> **Data to examine**:
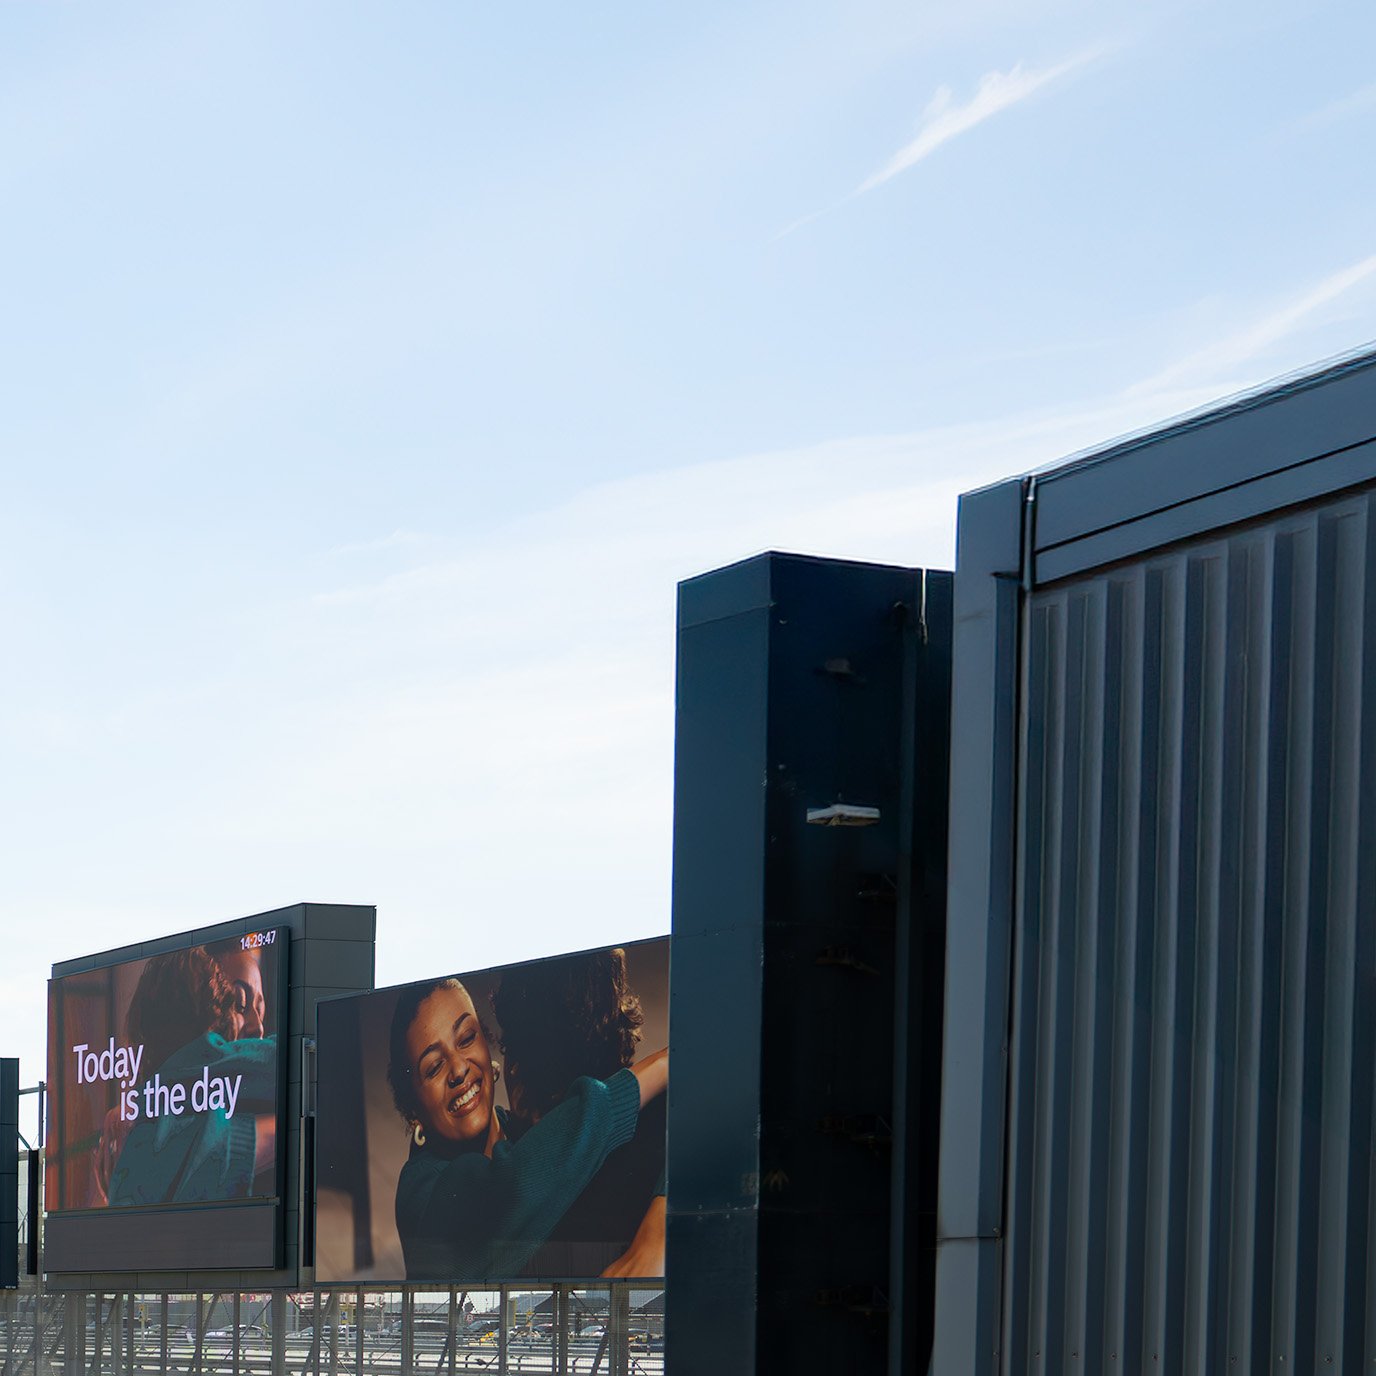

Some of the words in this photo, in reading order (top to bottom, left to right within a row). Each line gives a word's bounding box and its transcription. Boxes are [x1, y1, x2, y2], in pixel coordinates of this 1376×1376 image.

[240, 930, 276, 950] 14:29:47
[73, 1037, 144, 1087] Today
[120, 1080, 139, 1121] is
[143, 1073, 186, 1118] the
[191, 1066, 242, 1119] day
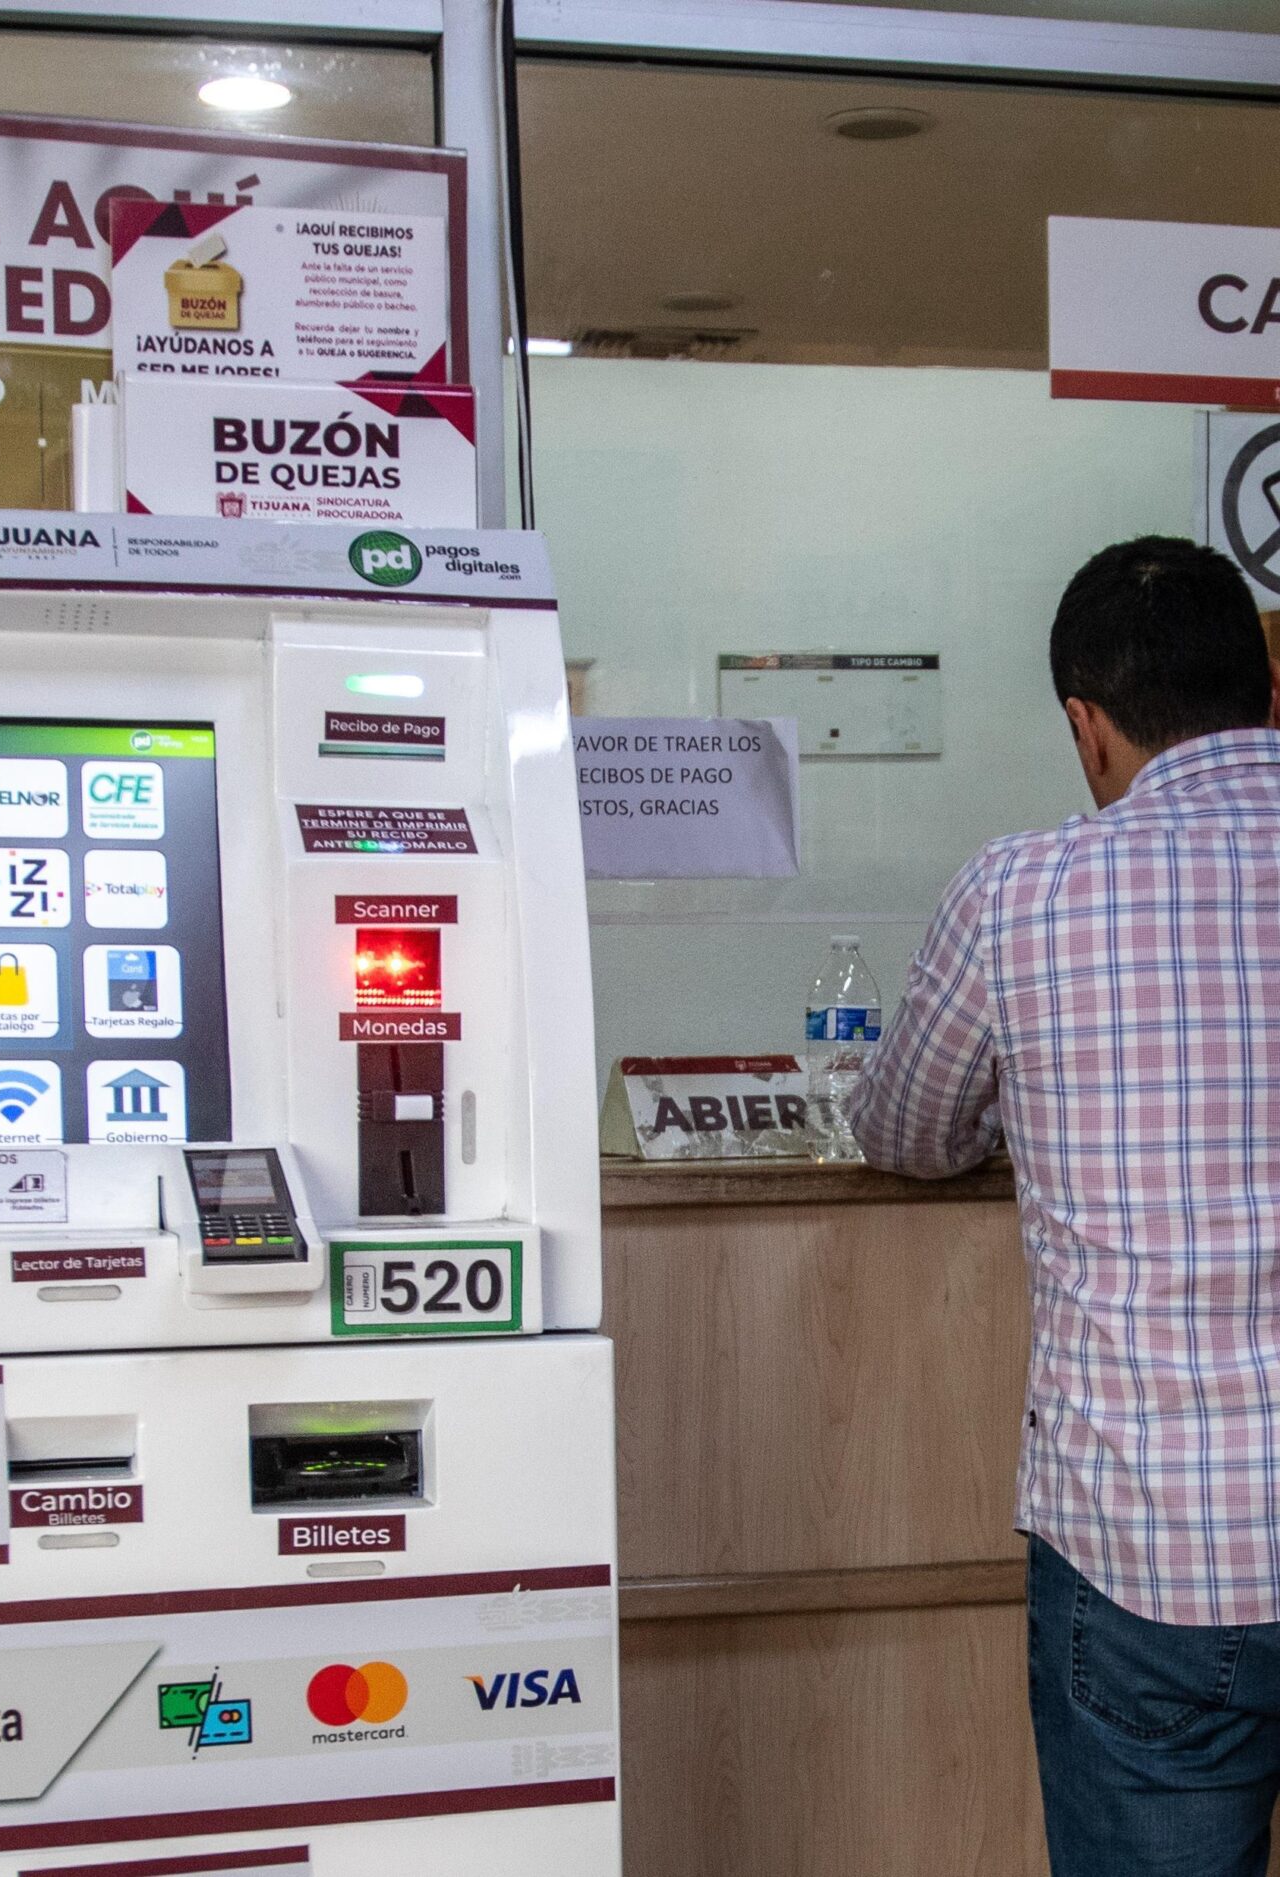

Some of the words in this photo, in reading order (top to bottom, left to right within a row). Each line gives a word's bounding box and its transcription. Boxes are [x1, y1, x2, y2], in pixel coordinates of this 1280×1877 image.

> **Goal of the exercise**: Retype the data shown above exactly, excluding any picture it contains.

> **Solution to this exercise**:
Some of the words in this photo, in reading order (top to bottom, left to right within a row). Each line gives a word's bounding box and its transcription. Boxes are [x1, y1, x2, y2], in pixel coordinates of this 1376×1376 image.

[240, 930, 276, 950] 14:29:47
[73, 1037, 144, 1087] Today
[120, 1080, 139, 1121] is
[143, 1073, 186, 1118] the
[191, 1066, 242, 1119] day

Some of the words in this photo, in reading order (top to bottom, left to right within a row). Each line gives a word's bounding box and its transcription. Boxes are [x1, y1, x2, y2], in pixel coordinates of this 1280×1877 image.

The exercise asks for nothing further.